- _WORK REQUEST_:
Keep the images out while you set down the data exactly.

- _EXERCISE DATA_:
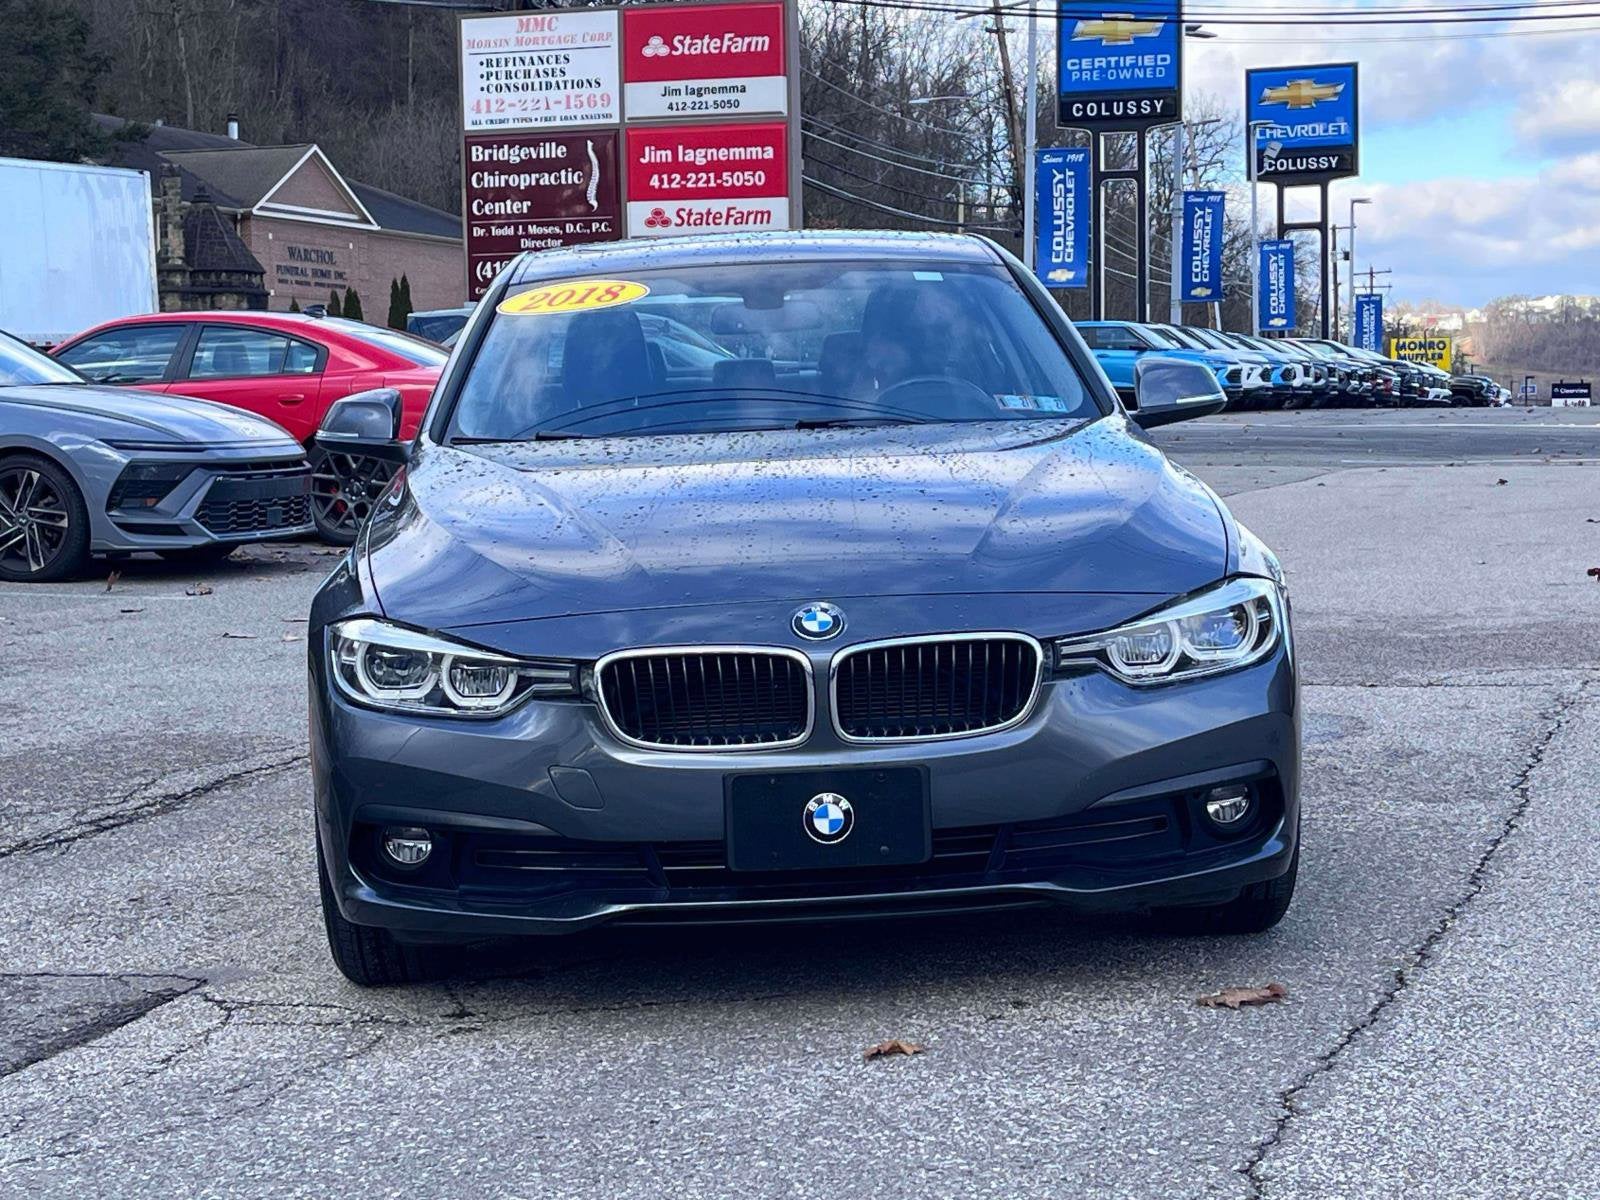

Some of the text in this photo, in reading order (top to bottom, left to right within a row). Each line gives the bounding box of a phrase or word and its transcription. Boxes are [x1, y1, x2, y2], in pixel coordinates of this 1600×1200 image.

[516, 16, 559, 33] MMC
[514, 33, 577, 47] MORTGAGE
[486, 53, 570, 69] REFINANCES
[1066, 54, 1171, 71] CERTIFIED
[486, 67, 566, 81] PURCHASES
[1071, 67, 1166, 82] PRE-OWNED
[486, 78, 601, 94] CONSOLIDATIONS
[661, 83, 747, 98] Jim Iagnemma
[471, 92, 612, 114] 412-221-1569
[667, 98, 740, 112] 412-221-5050
[1072, 99, 1164, 117] COLUSSY
[1256, 122, 1348, 139] CHEVROLET
[471, 142, 567, 163] Bridgeville
[639, 145, 774, 165] Jim Iagnemma
[1266, 156, 1339, 171] COLUSSY
[471, 168, 584, 190] Chiropractic
[649, 171, 766, 189] 412-221-5050
[472, 199, 531, 215] Center
[1051, 168, 1065, 263] COLUSSY
[1064, 168, 1075, 263] CHEVROLET
[472, 226, 489, 237] Dr.
[491, 225, 514, 236] Todd
[517, 225, 526, 235] J.
[528, 224, 563, 235] Moses,
[592, 221, 612, 233] P.C.
[520, 238, 564, 249] Director
[1192, 206, 1204, 283] COLUSSY
[1202, 206, 1213, 282] CHEVROLET
[287, 246, 337, 265] WARCHOL
[519, 284, 626, 312] 2018
[1395, 340, 1447, 351] MONRO
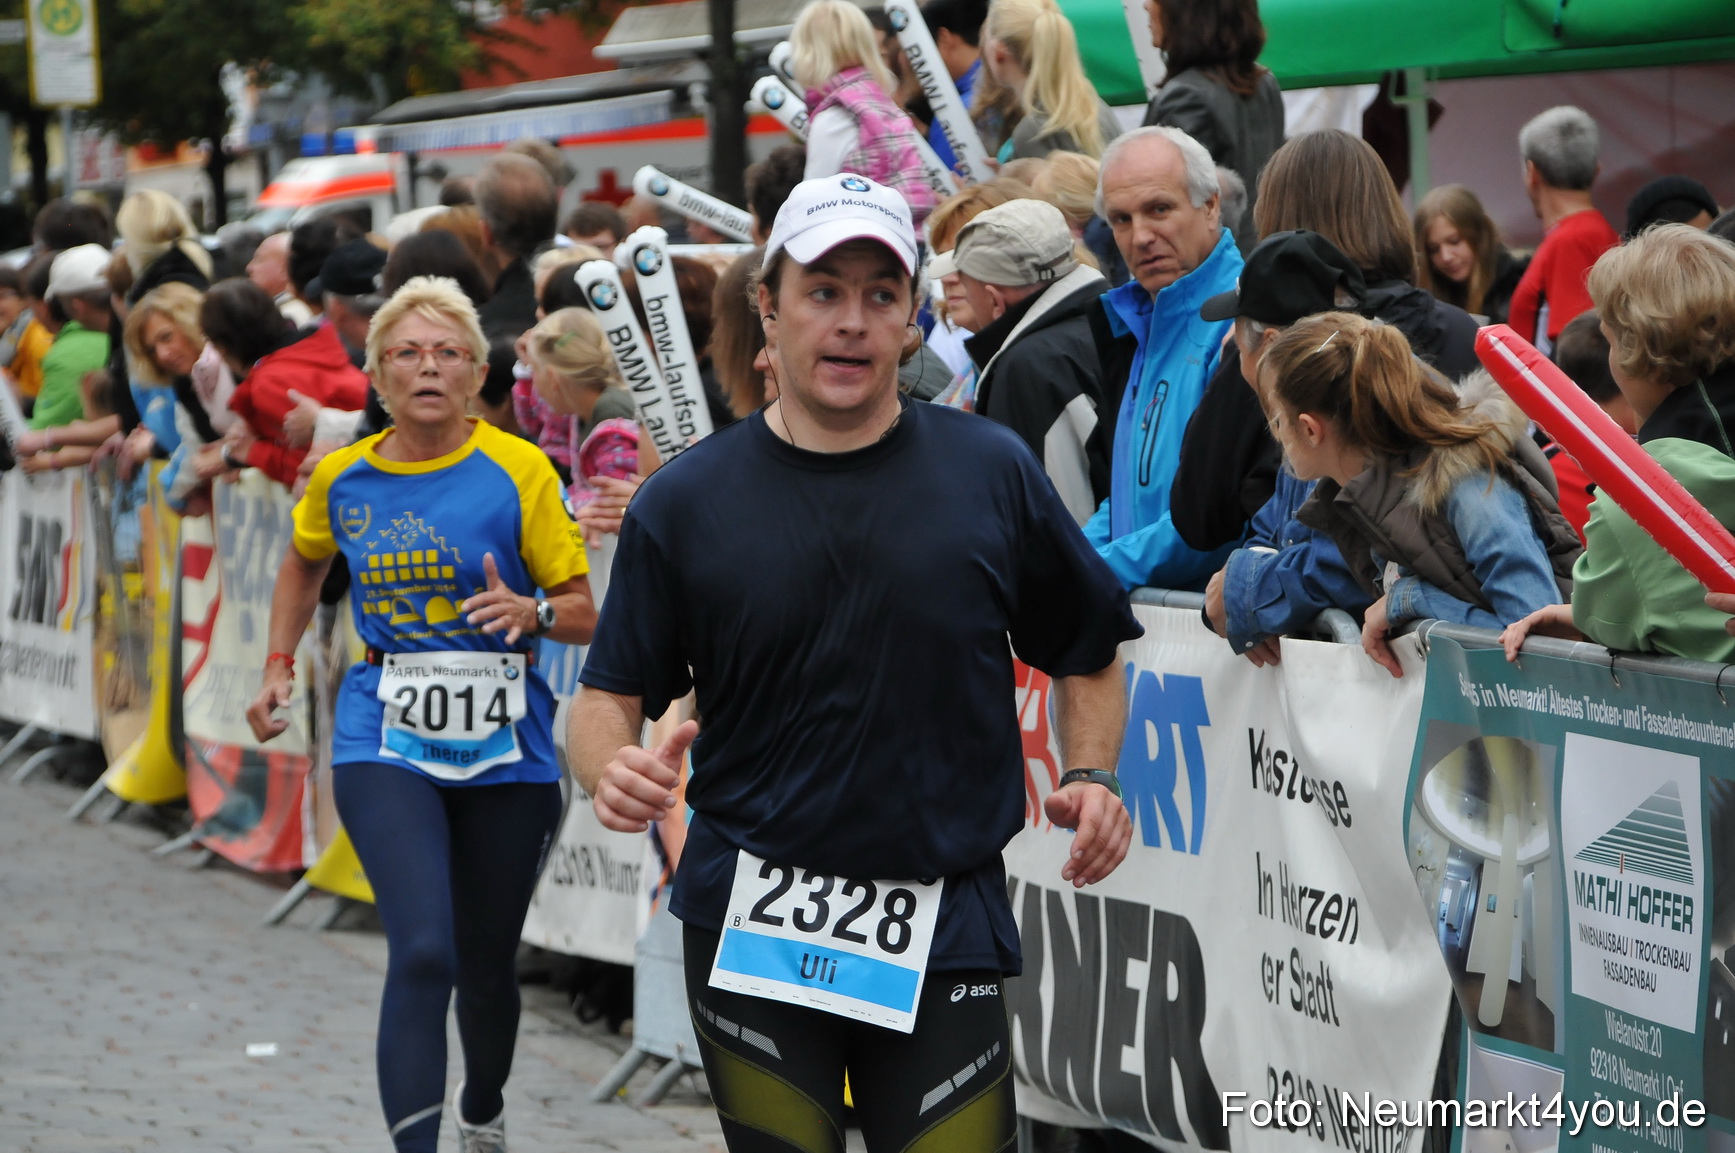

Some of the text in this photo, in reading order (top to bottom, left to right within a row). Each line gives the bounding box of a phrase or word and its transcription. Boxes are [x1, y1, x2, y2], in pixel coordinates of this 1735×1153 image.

[806, 198, 904, 226] BMW Motorsport
[606, 323, 684, 460] BMW Lauf
[385, 665, 498, 678] PARTL Neumarkt
[393, 683, 511, 731] 2014
[1479, 683, 1497, 707] in
[1496, 683, 1548, 713] Neumarkt!
[1549, 684, 1584, 720] Ältestes
[1584, 695, 1622, 727] Trocken-
[1623, 704, 1641, 731] und
[421, 743, 480, 764] Theres
[733, 915, 742, 928] B
[748, 859, 918, 955] 2328
[1256, 851, 1359, 945] In Herzen
[1574, 870, 1694, 935] MATHI HOFFER
[800, 953, 837, 985] Uli
[1579, 922, 1628, 957] INNENAUSBAU
[1635, 939, 1692, 972] TROCKENBAU
[1290, 947, 1340, 1027] Stadt
[1603, 958, 1657, 993] FASSADENBAU
[1590, 1047, 1618, 1085] 92318
[1619, 1057, 1661, 1101] Neumarkt
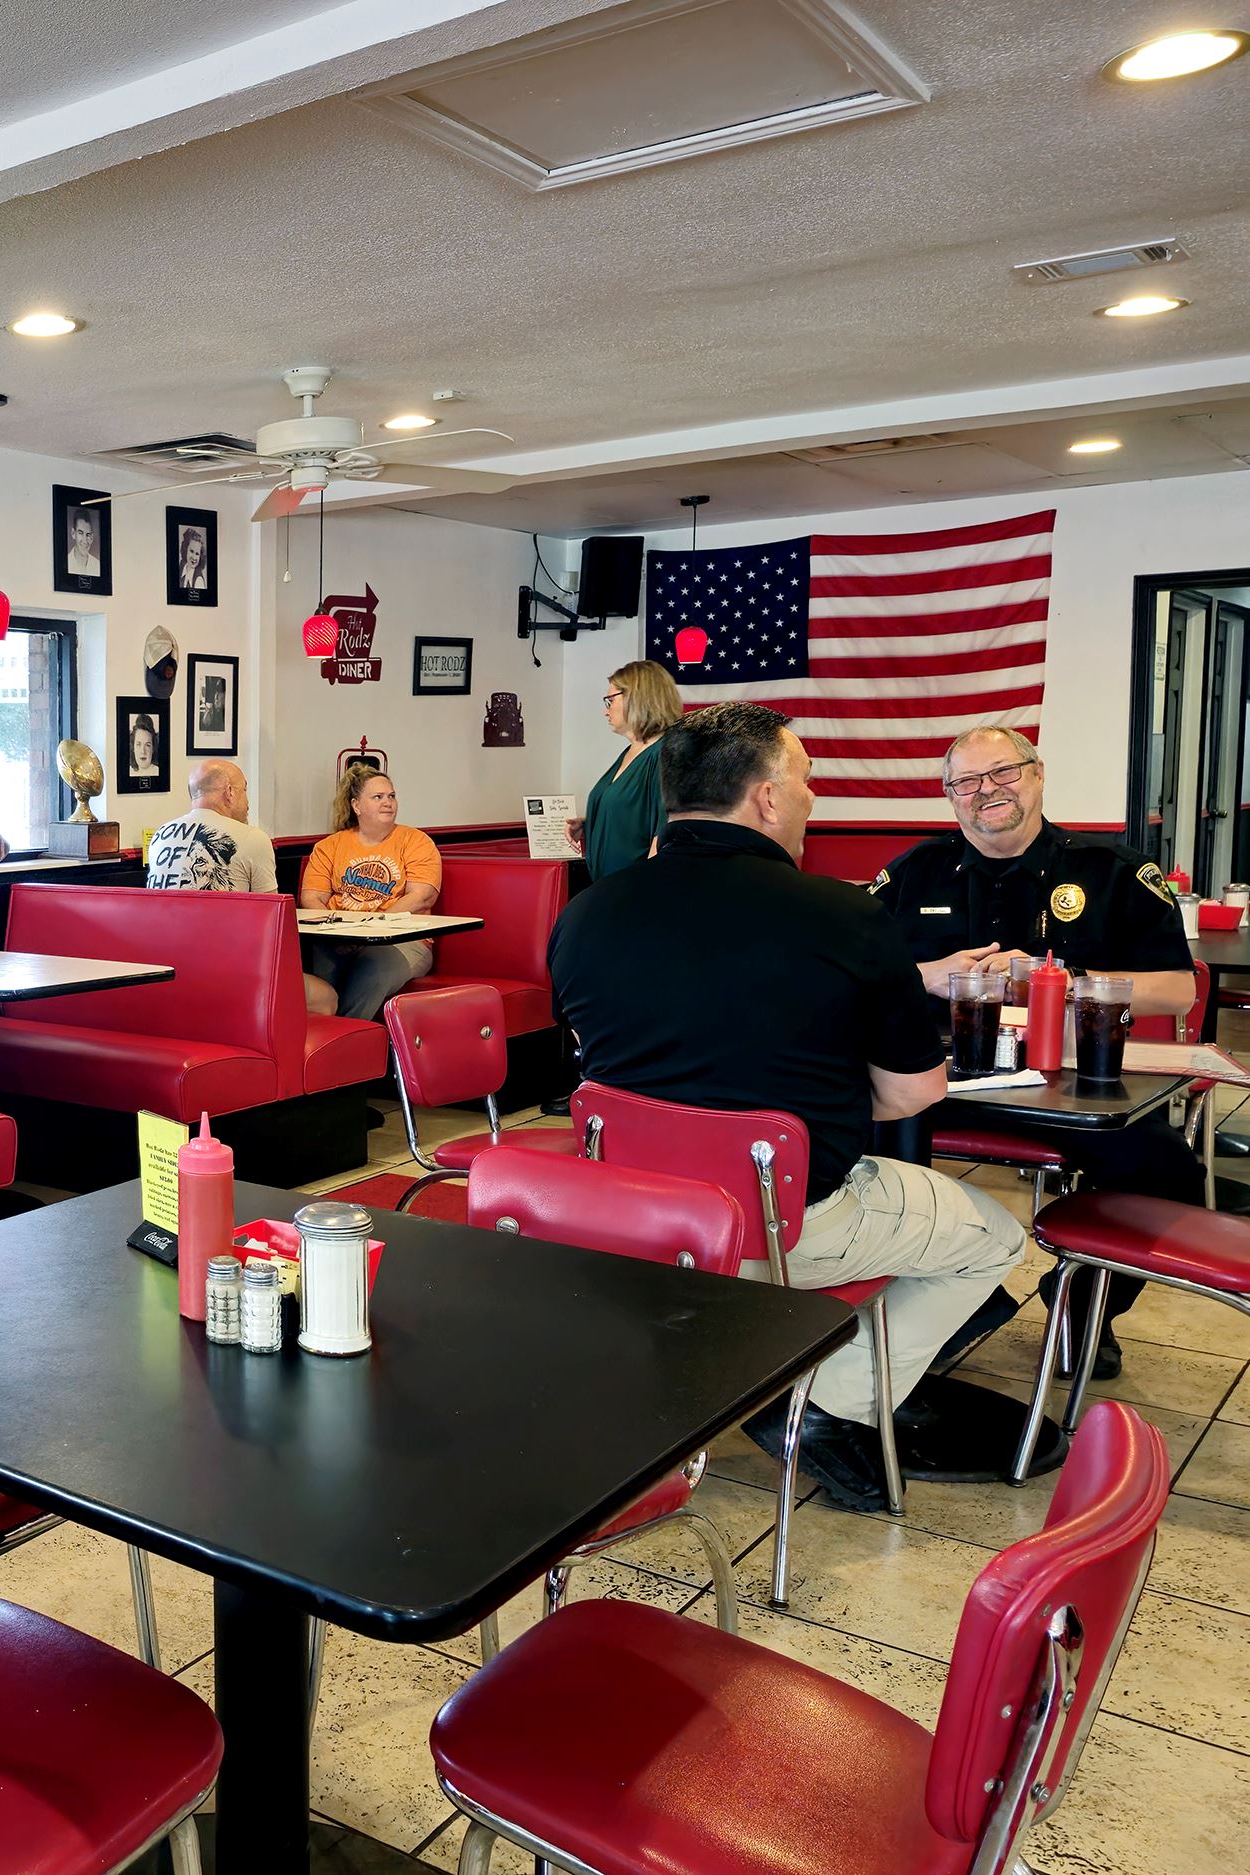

- _RESPONSE TO THE EXERCISE_:
Some of the text in this photo, in reading order (top to bottom, left to right within a row). Each line gives the bounding box of a phrase or word and its transcription. Boxes are [x1, y1, x2, y2], in pixel coordinates of this 1600×1200 image.

[516, 16, 559, 33] MMC
[514, 33, 577, 47] MORTGAGE
[486, 53, 570, 69] REFINANCES
[1066, 54, 1171, 71] CERTIFIED
[486, 67, 566, 81] PURCHASES
[1071, 67, 1166, 82] PRE-OWNED
[486, 78, 601, 94] CONSOLIDATIONS
[661, 83, 747, 98] Jim Iagnemma
[471, 92, 612, 114] 412-221-1569
[667, 98, 740, 112] 412-221-5050
[1072, 99, 1164, 117] COLUSSY
[1256, 122, 1348, 139] CHEVROLET
[471, 142, 567, 163] Bridgeville
[639, 145, 774, 165] Jim Iagnemma
[1266, 156, 1339, 171] COLUSSY
[471, 168, 584, 190] Chiropractic
[649, 171, 766, 189] 412-221-5050
[472, 199, 531, 215] Center
[1051, 168, 1065, 263] COLUSSY
[1064, 168, 1075, 263] CHEVROLET
[472, 226, 489, 237] Dr.
[491, 225, 514, 236] Todd
[517, 225, 526, 235] J.
[528, 224, 563, 235] Moses,
[592, 221, 612, 233] P.C.
[520, 238, 564, 249] Director
[1192, 206, 1204, 283] COLUSSY
[1202, 206, 1213, 282] CHEVROLET
[287, 246, 337, 265] WARCHOL
[519, 284, 626, 312] 2018
[1395, 340, 1447, 351] MONRO

Some of the text in this photo, in reading order (top to bottom, left to right within a row). Each line gives the bounding box of a phrase or word and its transcription. Boxes are [x1, y1, x2, y2], in pixel coordinates of this 1735×1153 image.

[806, 198, 904, 226] BMW Motorsport
[606, 323, 684, 460] BMW Lauf
[385, 665, 498, 678] PARTL Neumarkt
[393, 683, 511, 731] 2014
[1479, 683, 1497, 707] in
[1496, 683, 1548, 713] Neumarkt!
[1549, 684, 1584, 720] Ältestes
[1584, 695, 1622, 727] Trocken-
[1623, 704, 1641, 731] und
[421, 743, 480, 764] Theres
[733, 915, 742, 928] B
[748, 859, 918, 955] 2328
[1256, 851, 1359, 945] In Herzen
[1574, 870, 1694, 935] MATHI HOFFER
[800, 953, 837, 985] Uli
[1579, 922, 1628, 957] INNENAUSBAU
[1635, 939, 1692, 972] TROCKENBAU
[1290, 947, 1340, 1027] Stadt
[1603, 958, 1657, 993] FASSADENBAU
[1590, 1047, 1618, 1085] 92318
[1619, 1057, 1661, 1101] Neumarkt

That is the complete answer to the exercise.